Tuesday, July 10, 2007

Thinking About Thinking About Reading

Today I reach into a book from the Literacy Network library, Strategies That Work by Stephanie Harvey and Anne Goudvis
(© 2000, Stenhouse Publishers). In chapter two the authors describe a tutor named Steph helping a new reader named Alverro with a passage in a beginning level book.

He turned to a picture of a baby giraffe drinking at the water hole and began to read the one sentence of text that constituted the entire page: “When a baby giraffe is born, it is already six feet tall.” Stunning information, to say the least!

Alverro read easily through the first clause then stumbled on the word already. He tried a number of decoding strategies to figure it out, including parsing the word, going back and rereading, and reading ahead. After several tries, he got it. He read already…When Alverro reached the end of the sentence, however, he went right on to the next page without taking even a moment to ponder the remarkable fact about giraffe birth size.

“Whoa! Not so fast,” Steph said. “What did you just read?”

“Already?” he asked….

[H]e couldn’t answer…He had committed himself single-mindedly to decoding the word already and had lost all track of meaning in the process.

“Single-minded commitment”—what a wonderful phrase! For some learners the struggle to read an individual word can resemble Ahab’s white whale—a quest that blots out every other desire. At the end of this anecdote the tutor asks young Alverro to stop, reread and think about the meaning of the sentence. He took a second and related it to his own experience, saying, “Wow, baby giraffes are almost as tall as Michael Jordan on the day they are born!”

How about that?

This tutor-learner pair decided to stop at the bottom of each page to stop and think. Because he was reading children’s books, each page was only a few sentences long.

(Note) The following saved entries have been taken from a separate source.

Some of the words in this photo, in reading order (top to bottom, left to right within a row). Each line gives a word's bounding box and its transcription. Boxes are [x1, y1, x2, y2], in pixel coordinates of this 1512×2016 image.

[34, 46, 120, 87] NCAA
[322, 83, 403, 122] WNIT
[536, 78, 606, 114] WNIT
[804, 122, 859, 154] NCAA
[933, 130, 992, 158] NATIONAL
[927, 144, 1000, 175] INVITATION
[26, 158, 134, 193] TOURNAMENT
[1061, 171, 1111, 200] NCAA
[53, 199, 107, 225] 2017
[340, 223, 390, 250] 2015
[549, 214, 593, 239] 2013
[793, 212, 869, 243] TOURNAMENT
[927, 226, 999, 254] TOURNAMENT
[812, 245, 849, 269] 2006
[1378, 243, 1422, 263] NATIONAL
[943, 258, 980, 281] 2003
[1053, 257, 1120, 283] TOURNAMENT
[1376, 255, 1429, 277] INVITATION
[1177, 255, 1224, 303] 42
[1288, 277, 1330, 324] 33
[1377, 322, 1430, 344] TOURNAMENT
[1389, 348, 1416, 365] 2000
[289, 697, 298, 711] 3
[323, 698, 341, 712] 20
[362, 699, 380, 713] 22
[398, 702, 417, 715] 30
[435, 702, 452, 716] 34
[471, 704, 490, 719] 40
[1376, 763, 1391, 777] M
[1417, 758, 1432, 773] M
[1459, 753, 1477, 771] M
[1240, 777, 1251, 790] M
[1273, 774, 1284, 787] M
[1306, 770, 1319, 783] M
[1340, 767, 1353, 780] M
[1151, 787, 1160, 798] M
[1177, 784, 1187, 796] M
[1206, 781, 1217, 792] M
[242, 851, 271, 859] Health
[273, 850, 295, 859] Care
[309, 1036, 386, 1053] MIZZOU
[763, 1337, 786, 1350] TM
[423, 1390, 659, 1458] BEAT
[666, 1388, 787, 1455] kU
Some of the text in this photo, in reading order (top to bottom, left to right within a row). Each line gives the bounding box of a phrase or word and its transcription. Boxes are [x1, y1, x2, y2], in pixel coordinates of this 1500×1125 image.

Strategic reading is a concept that encourages learners to be aware of their own thoughts while they are reading. “Thinking about thinking” being an awkward phrase, the authors use the term metacognition to describe it. Some of the strategies the book describes include:

· QuestioningNo question is dumb—period. Encourage learners to ask questions about the text and how the smaller parts form the larger story.

· Visualizing – Create mental images while reading. Try to see yourself in the characters shoes. Construct the scenes of the story from familiar locales.

· Drawing Inferences – “Read between the lines.” Ask yourself, “What is the author hinting at here?

For new learners, reading text for meaning for the first time in their lives, reading can be a bore, a chore, something to rush through. Remember the value of slowing down. Teachers are learners, too, so this advice applies to tutors as much as to new readers of English. And let summer teach this to us all: it does help to slow down, stop and think. It’s not only about getting to the end of the book. To quote “Ferris Bueller’s Day Off,”

Life goes by pretty fast. If you don't stop and look around once in a while, you could miss it.